J Cardiothorac Vasc Anesth. 2026 Jun 10:S1053-0770(26)00490-8. doi: 10.1053/j.jvca.2026.06.013. Online ahead of print.
ABSTRACT
OBJECTIVES: To test whether renal dysfunction modifies the prognostic value of 24-hour lactate clearance for survival to discharge after extracorporeal cardiopulmonary resuscitation (ECPR).
DESIGN: Retrospective cohort study with a 24-hour landmark approach.
SETTING: Single tertiary academic medical center.
PARTICIPANTS: Of 158 patients screened for ECPR, 99 with calculable lactate clearance and available 24-hour creatinine comprised the analytic cohort.
INTERVENTIONS: None (observational study).
MEASUREMENTS AND MAIN RESULTS: Effect modification was tested using multivariable logistic regression with an interaction term (lactate clearance × elevated 24-hour creatinine >2.0 mg/dL), adjusting for age, cardiopulmonary resuscitation duration, shockable rhythm, and baseline lactate. After baseline lactate adjustment, the interaction odds ratio (OR) was 0.63 per 10% increase in clearance (95% confidence interval, 0.45-0.87; p = 0.005), indicating attenuated prognostic value in patients with elevated creatinine. Stratified analyses confirmed that higher clearance was associated with survival only in patients with normal creatinine (OR, 1.30; area under the receiver operating characteristic curve [AUROC], 0.654), whereas no meaningful association was observed with elevated creatinine (OR, 0.98; AUROC, 0.516). The interaction remained robust after excluding patients with chronic kidney disease (OR, 0.59, p = 0.005) and when modeling creatinine continuously (OR, 0.91, p = 0.028).

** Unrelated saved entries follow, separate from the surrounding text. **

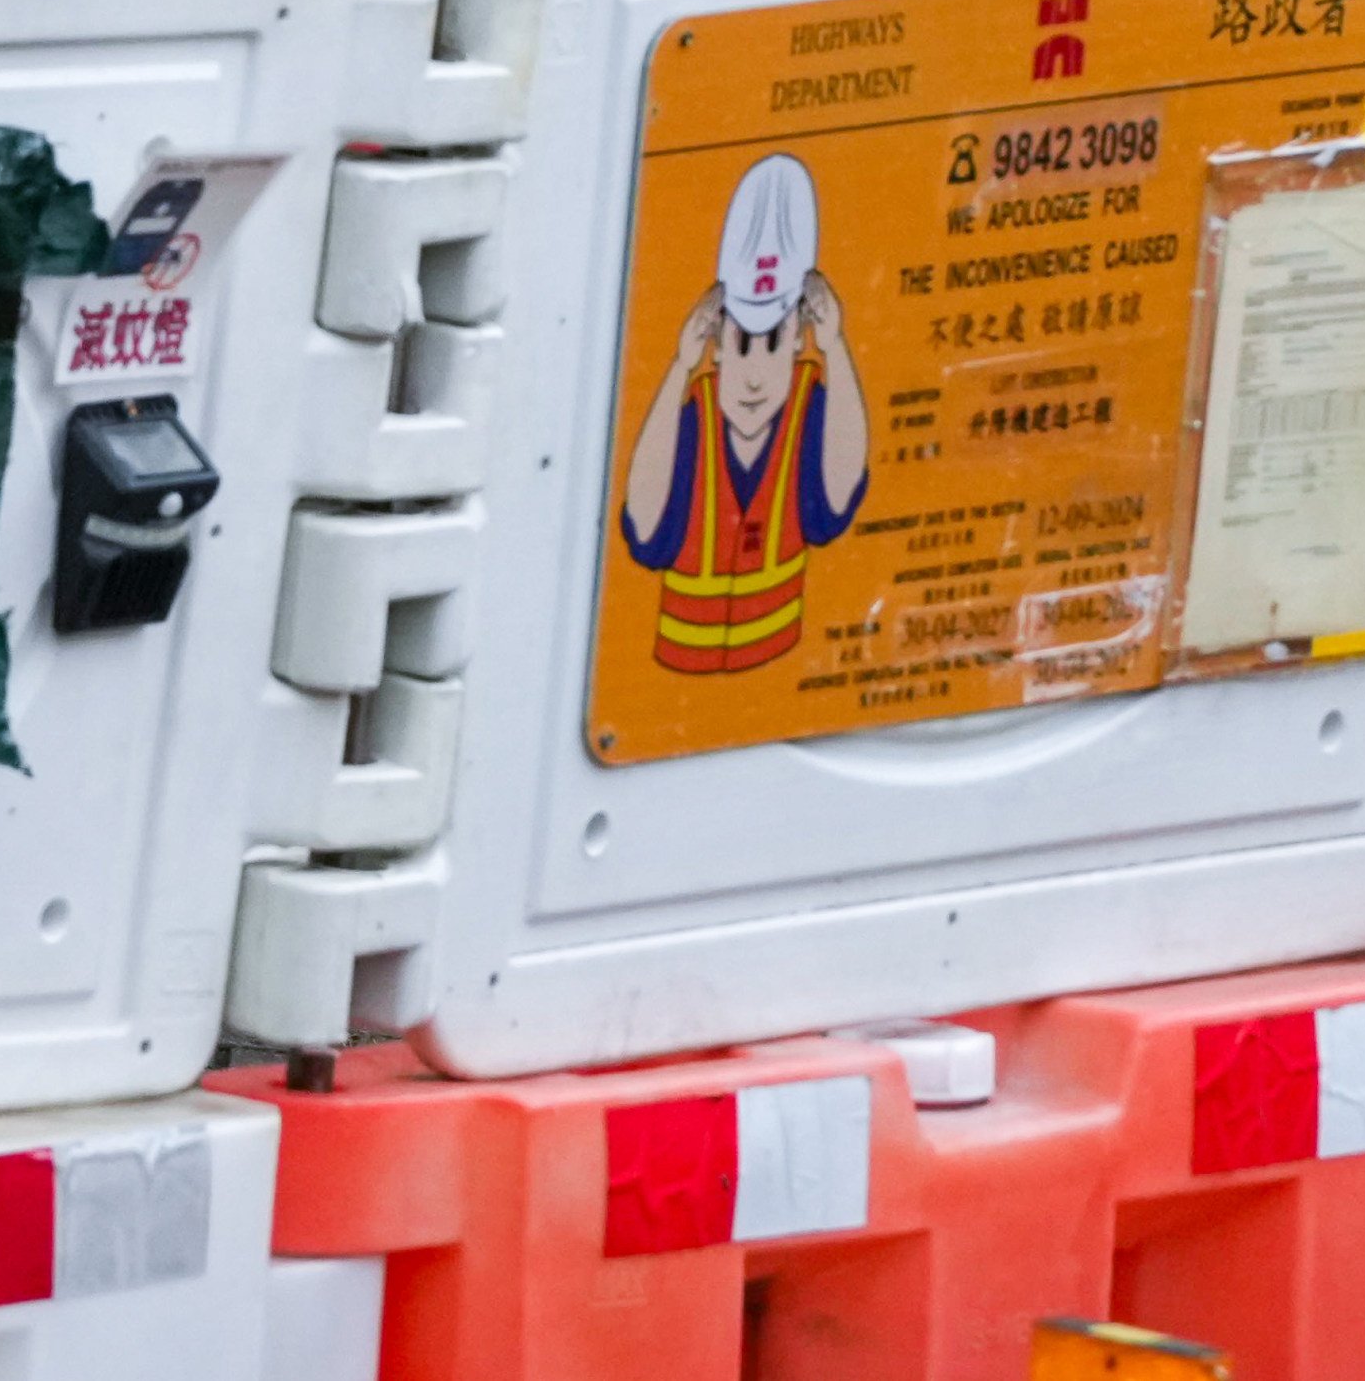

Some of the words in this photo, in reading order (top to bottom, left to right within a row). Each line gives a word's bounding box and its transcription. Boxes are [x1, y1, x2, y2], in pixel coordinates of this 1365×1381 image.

[790, 11, 906, 56] HIGHWAYS
[769, 64, 916, 113] DEPARTMENT
[993, 125, 1074, 180] 9842
[1079, 116, 1160, 170] 3098
[947, 204, 975, 236] WE
[986, 191, 1091, 231] APOLOGIZE
[1102, 183, 1141, 216] FOR
[899, 264, 935, 296] THE
[945, 243, 1093, 290] INCONVENIENCE
[1104, 232, 1179, 270] CAUSED

CONCLUSIONS: Among patients undergoing ECPR who survive to 24 hours, elevated creatinine defines an interpretation boundary for percentage-based lactate clearance. Clinicians should interpret this metric cautiously when renal dysfunction is present and consider absolute lactate values as complementary information. These findings should be considered hypothesis-generating, given the single-center retrospective design, modest events-per-variable ratio, and the inability to fully disentangle renal-mediated metabolic factors from baseline lactate distribution differences; prospective multicenter validation is required before clinical implementation.
PMID:42401501 | DOI:10.1053/j.jvca.2026.06.013